Exercise objective - Word-for-word transcription needed. Include every entry below but no pictures.

Data for the task -
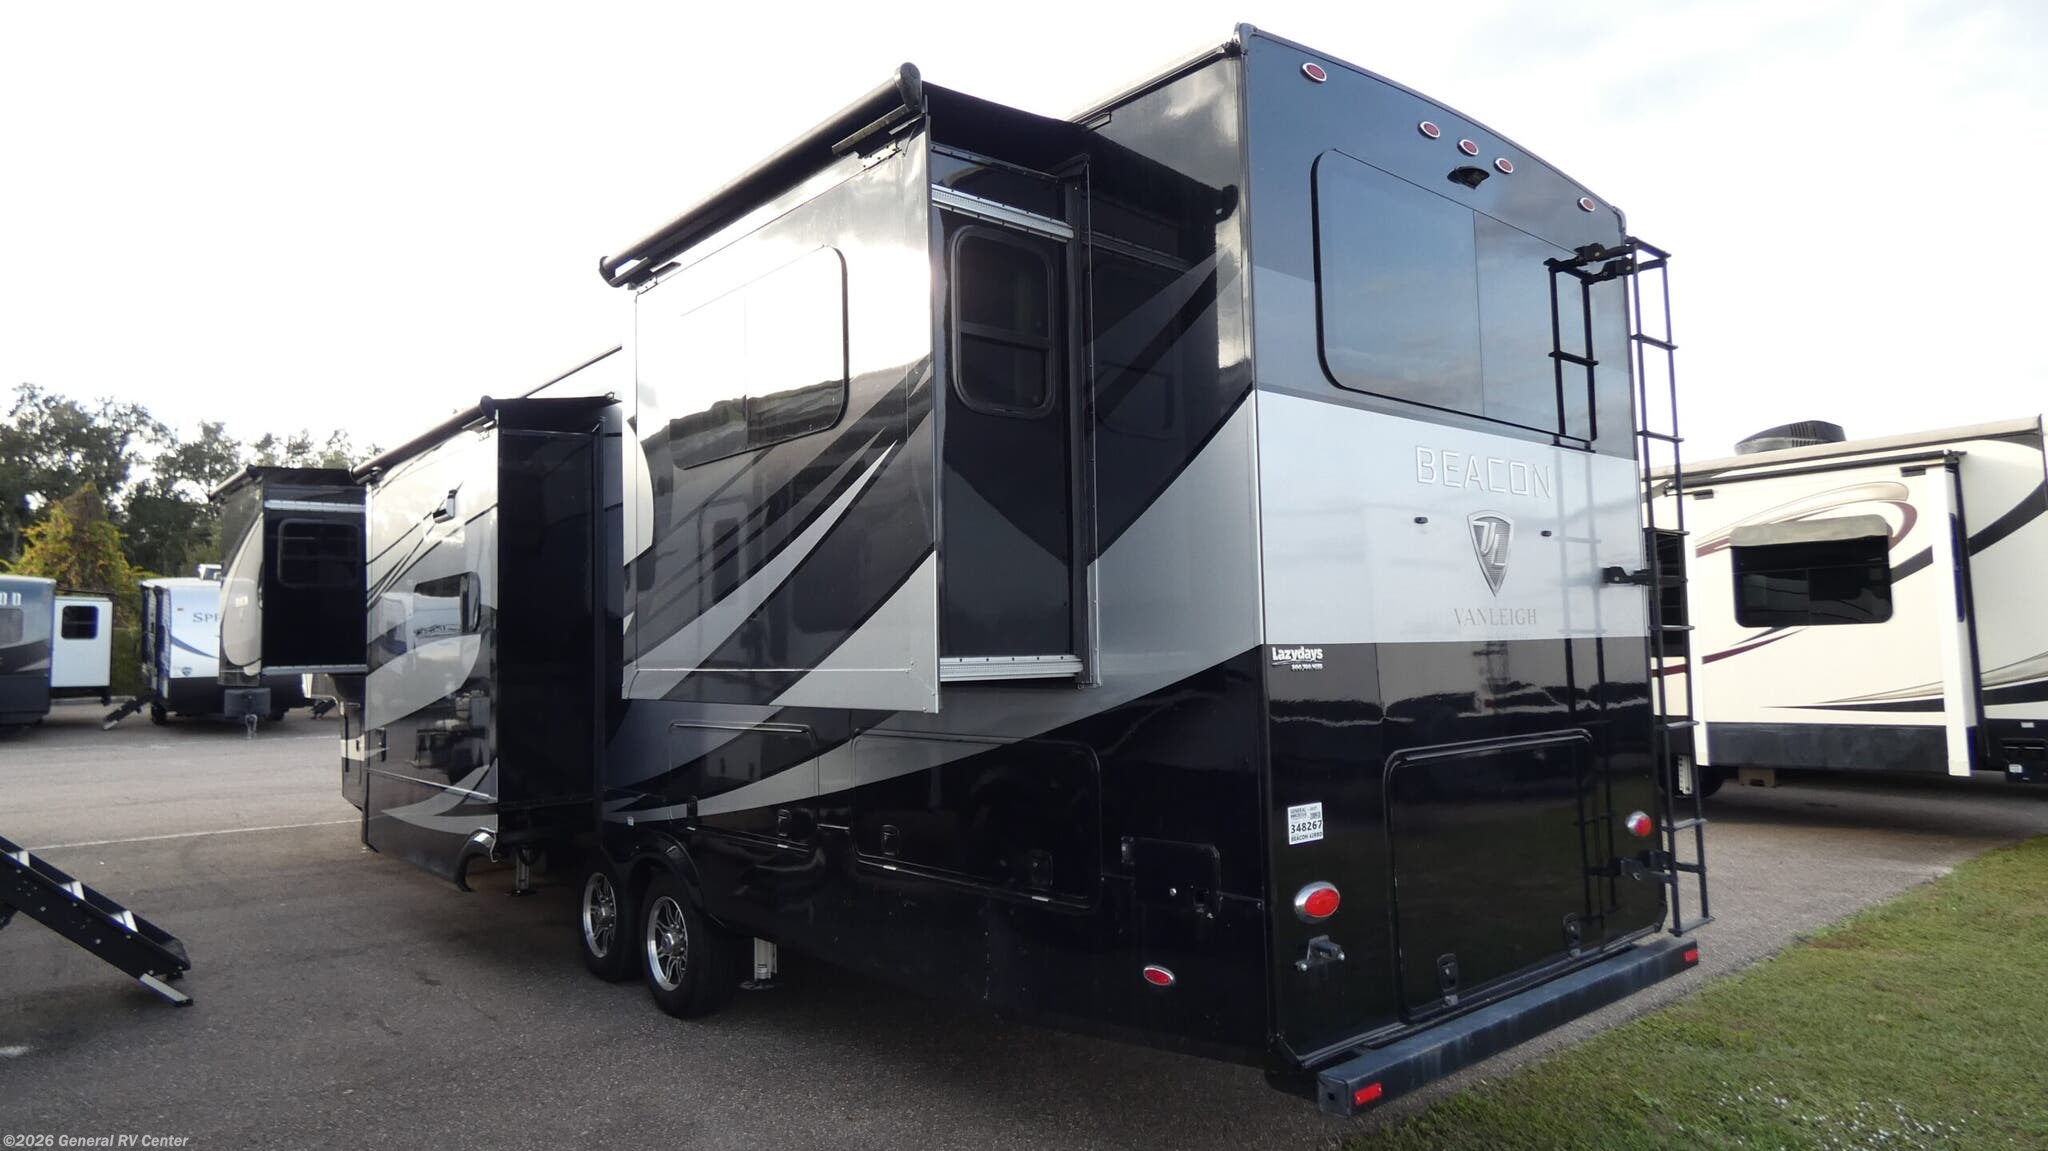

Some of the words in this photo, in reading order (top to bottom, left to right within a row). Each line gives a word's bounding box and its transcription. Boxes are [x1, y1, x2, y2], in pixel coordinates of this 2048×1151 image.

[1416, 446, 1551, 498] BEACON
[1454, 608, 1537, 625] VANLEIGH
[1272, 646, 1323, 661] Lazydays
[1290, 820, 1322, 834] 348267
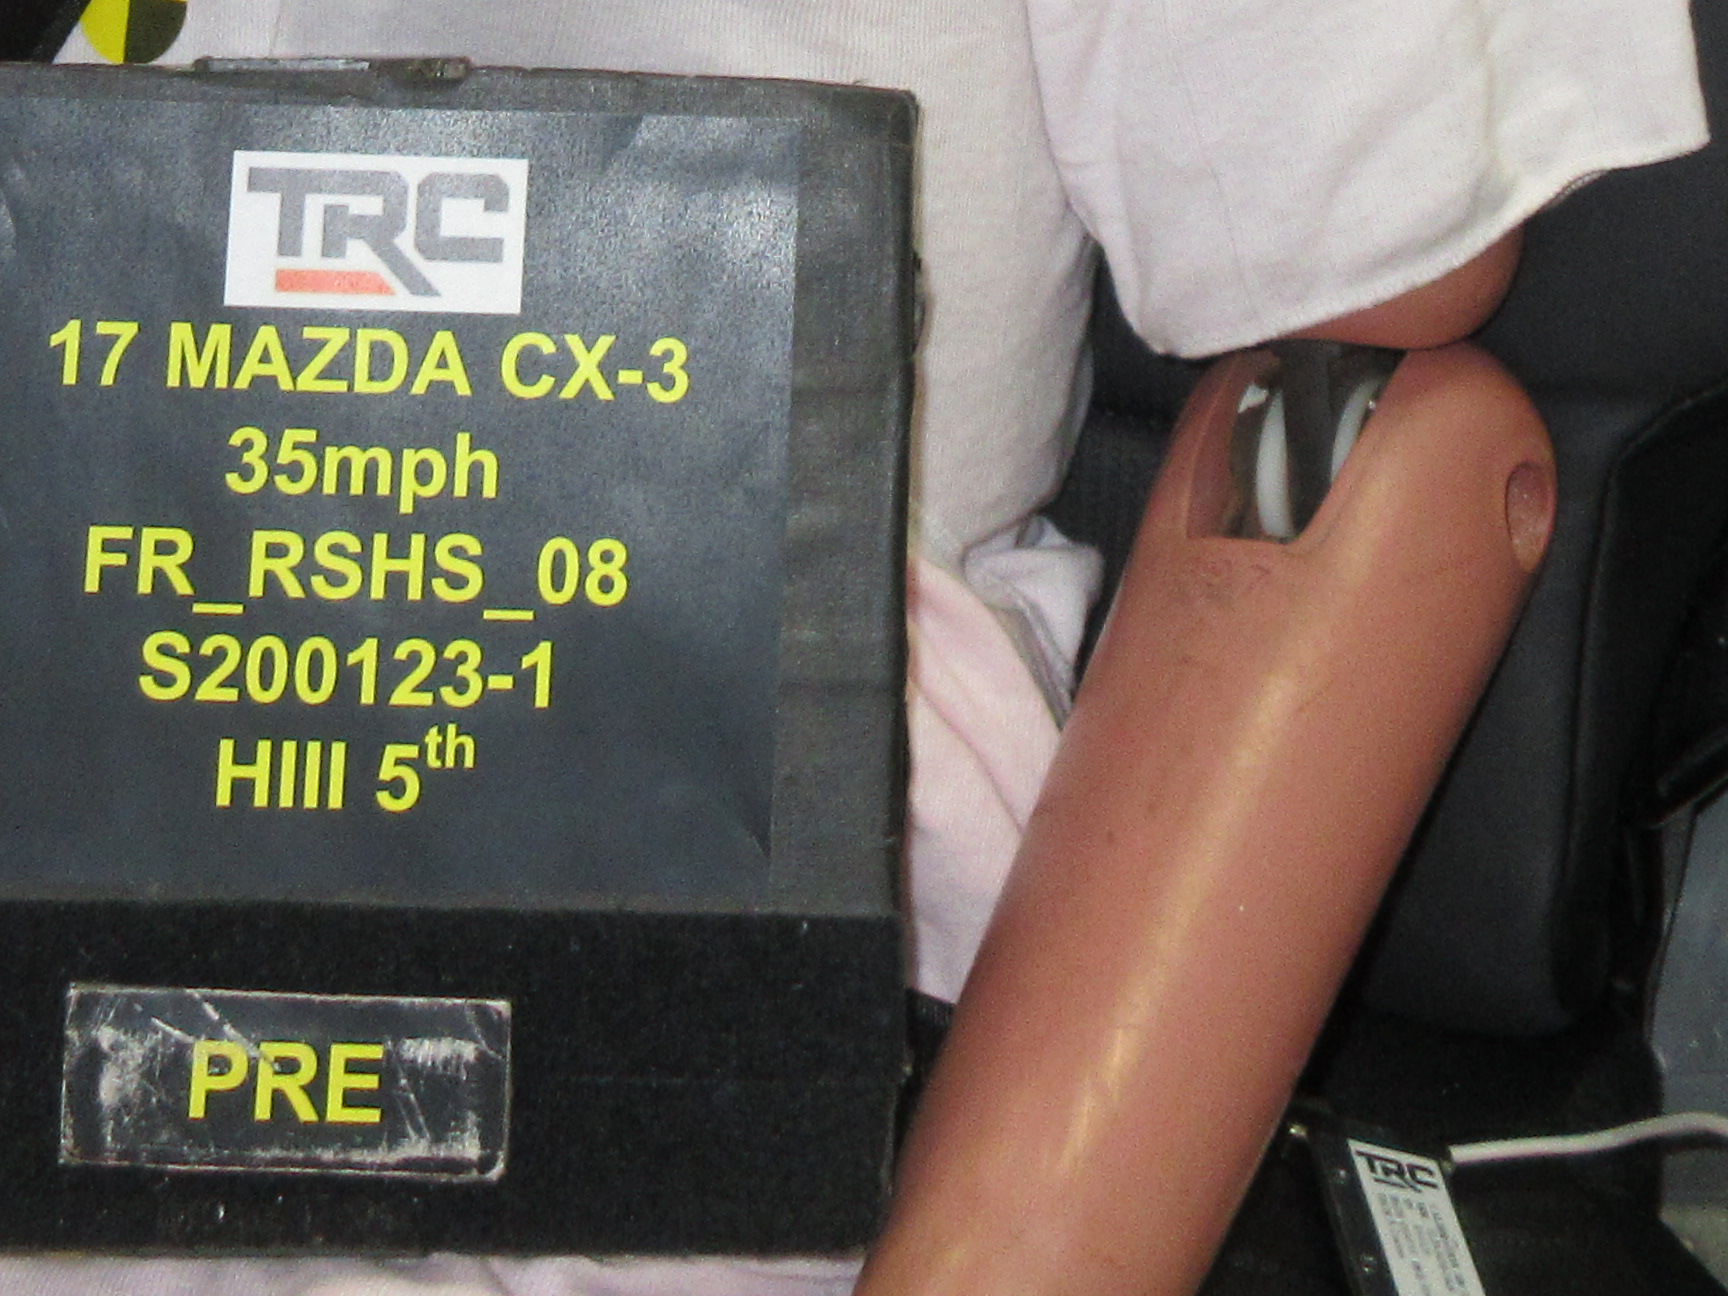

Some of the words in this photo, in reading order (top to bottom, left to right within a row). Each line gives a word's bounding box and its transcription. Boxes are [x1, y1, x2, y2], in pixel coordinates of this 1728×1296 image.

[246, 164, 510, 297] TRC
[47, 318, 139, 387] 17
[166, 321, 474, 395] MAZDA
[499, 330, 691, 403] CX-3
[224, 425, 499, 515] 35mph
[83, 525, 628, 620] FR_RSHS_08
[138, 630, 553, 709] S200123-1
[375, 722, 475, 812] 5th
[188, 1039, 386, 1123] PRE
[1355, 1149, 1439, 1194] TRC
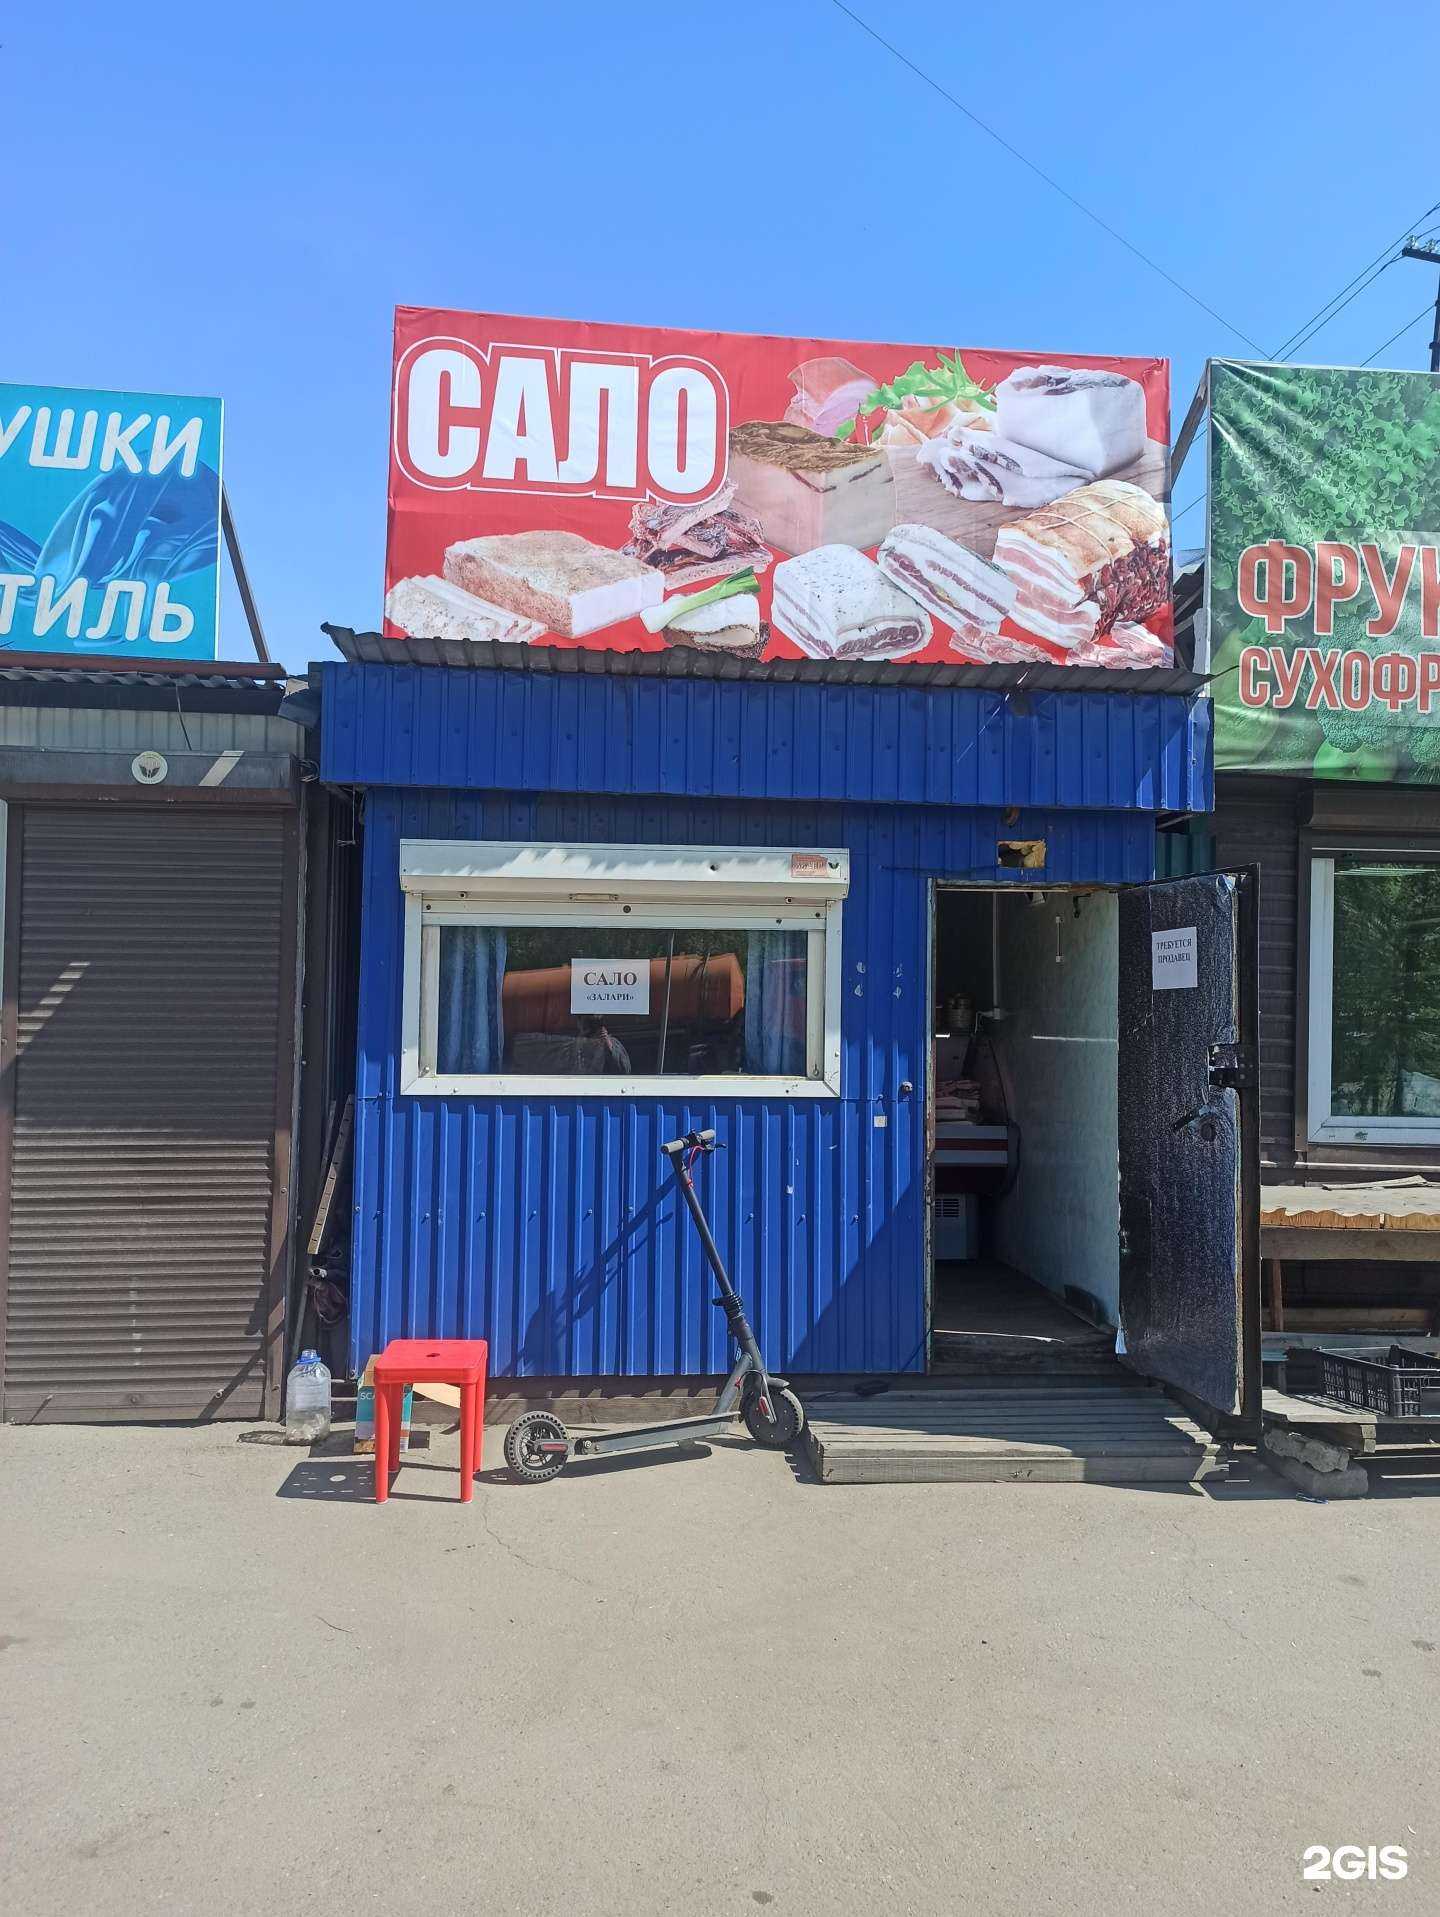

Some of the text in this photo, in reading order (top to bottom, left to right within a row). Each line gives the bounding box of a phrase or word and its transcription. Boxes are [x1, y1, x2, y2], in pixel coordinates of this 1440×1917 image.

[406, 347, 719, 496] САЛО
[0, 573, 196, 644] ТИЛЬ
[1238, 645, 1440, 713] СУХОФР
[1156, 938, 1192, 950] ТРЕБУЕТСЯ
[1157, 952, 1191, 964] ПРОДАВЕЦ
[583, 971, 638, 986] САЛО

Answer to this exercise -
Some of the words in this photo, in reading order (top to bottom, left to right within a row). Each line gives a word's bounding box and its transcription. Boxes are [x1, y1, x2, y2], in pixel coordinates of this 2048×1151 image.

[1416, 446, 1551, 498] BEACON
[1454, 608, 1537, 625] VANLEIGH
[1272, 646, 1323, 661] Lazydays
[1290, 820, 1322, 834] 348267

Some of the words in this photo, in reading order (top to bottom, left to right within a row). Each line gives a word's bounding box and its transcription. Boxes are [x1, y1, x2, y2], in pixel coordinates of this 1728×1296 image.

[246, 164, 510, 297] TRC
[47, 318, 139, 387] 17
[166, 321, 474, 395] MAZDA
[499, 330, 691, 403] CX-3
[224, 425, 499, 515] 35mph
[83, 525, 628, 620] FR_RSHS_08
[138, 630, 553, 709] S200123-1
[375, 722, 475, 812] 5th
[188, 1039, 386, 1123] PRE
[1355, 1149, 1439, 1194] TRC

Some of the text in this photo, in reading order (top to bottom, left to right within a row). Each line gives the bounding box of a phrase or word and its transcription. Boxes are [x1, y1, x2, y2], in pixel coordinates of this 1440×1917 image.

[406, 347, 719, 496] САЛО
[0, 573, 196, 644] ТИЛЬ
[1238, 645, 1440, 713] СУХОФР
[1156, 938, 1192, 950] ТРЕБУЕТСЯ
[1157, 952, 1191, 964] ПРОДАВЕЦ
[583, 971, 638, 986] САЛО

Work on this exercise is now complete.